Work instruction: Repeat each record exactly as written, and drop any images.

◆ ◆ ◆ ◆ ◆

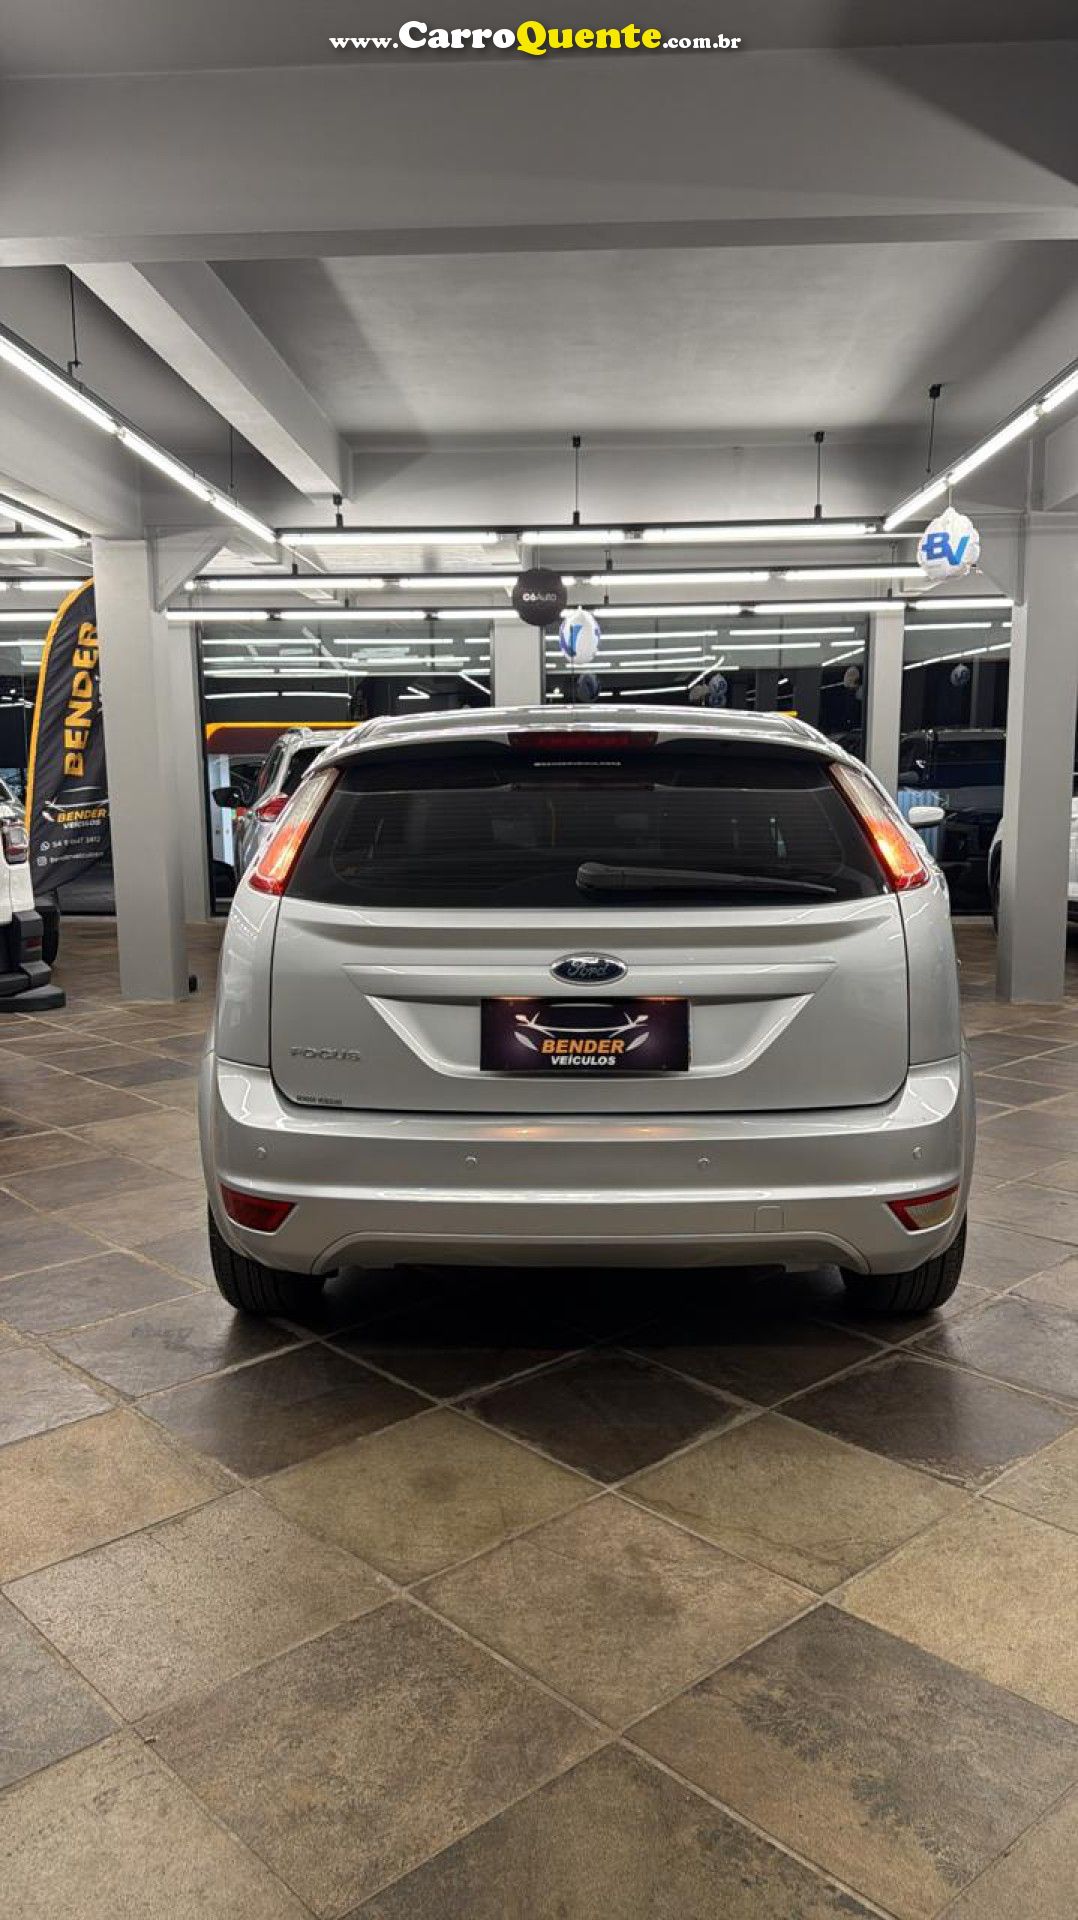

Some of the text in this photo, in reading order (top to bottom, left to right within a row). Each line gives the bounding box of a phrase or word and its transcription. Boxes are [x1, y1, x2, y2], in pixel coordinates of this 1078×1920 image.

[63, 621, 100, 777] BENDER
[567, 960, 610, 978] Ford
[289, 1046, 361, 1061] FOCUS
[541, 1039, 625, 1054] BENDER
[551, 1054, 616, 1066] VEÍCULOS
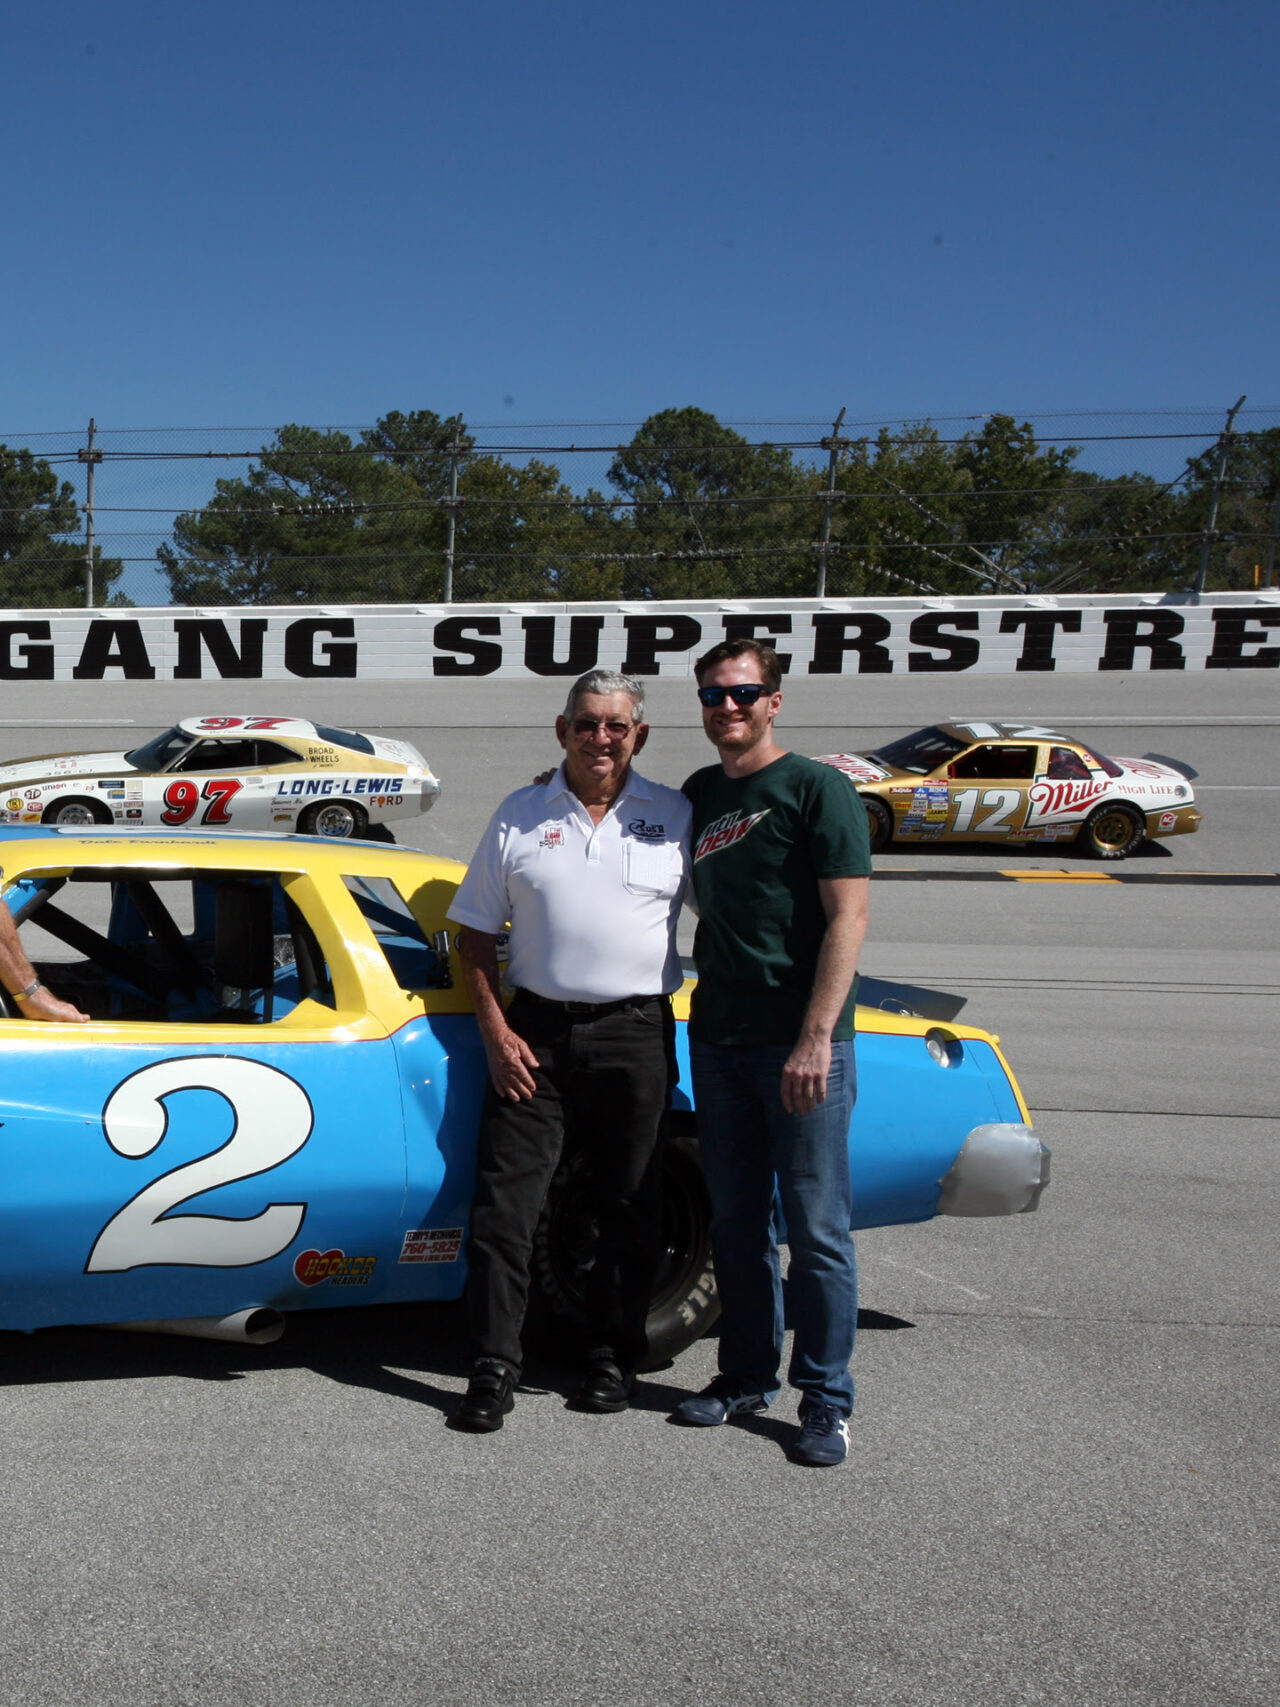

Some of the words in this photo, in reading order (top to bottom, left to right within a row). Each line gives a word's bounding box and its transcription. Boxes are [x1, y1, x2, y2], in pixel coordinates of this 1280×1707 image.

◆ ◆ ◆ ◆ ◆

Answer to this exercise:
Some of the text in this photo, in reading order (top to bottom, left to right within a row). Each line gives the bounding box of a phrase or word and its transcription. Boxes are [x1, y1, x2, y2], in pixel coordinates of this 1078×1920 image.

[63, 621, 100, 777] BENDER
[567, 960, 610, 978] Ford
[289, 1046, 361, 1061] FOCUS
[541, 1039, 625, 1054] BENDER
[551, 1054, 616, 1066] VEÍCULOS

Some of the words in this photo, in reading order (top to bottom, left to right within a row). Each line gives a word's bounding box and its transcription. Boxes are [x1, y1, x2, y2], in pixel coordinates of this 1280×1707 image.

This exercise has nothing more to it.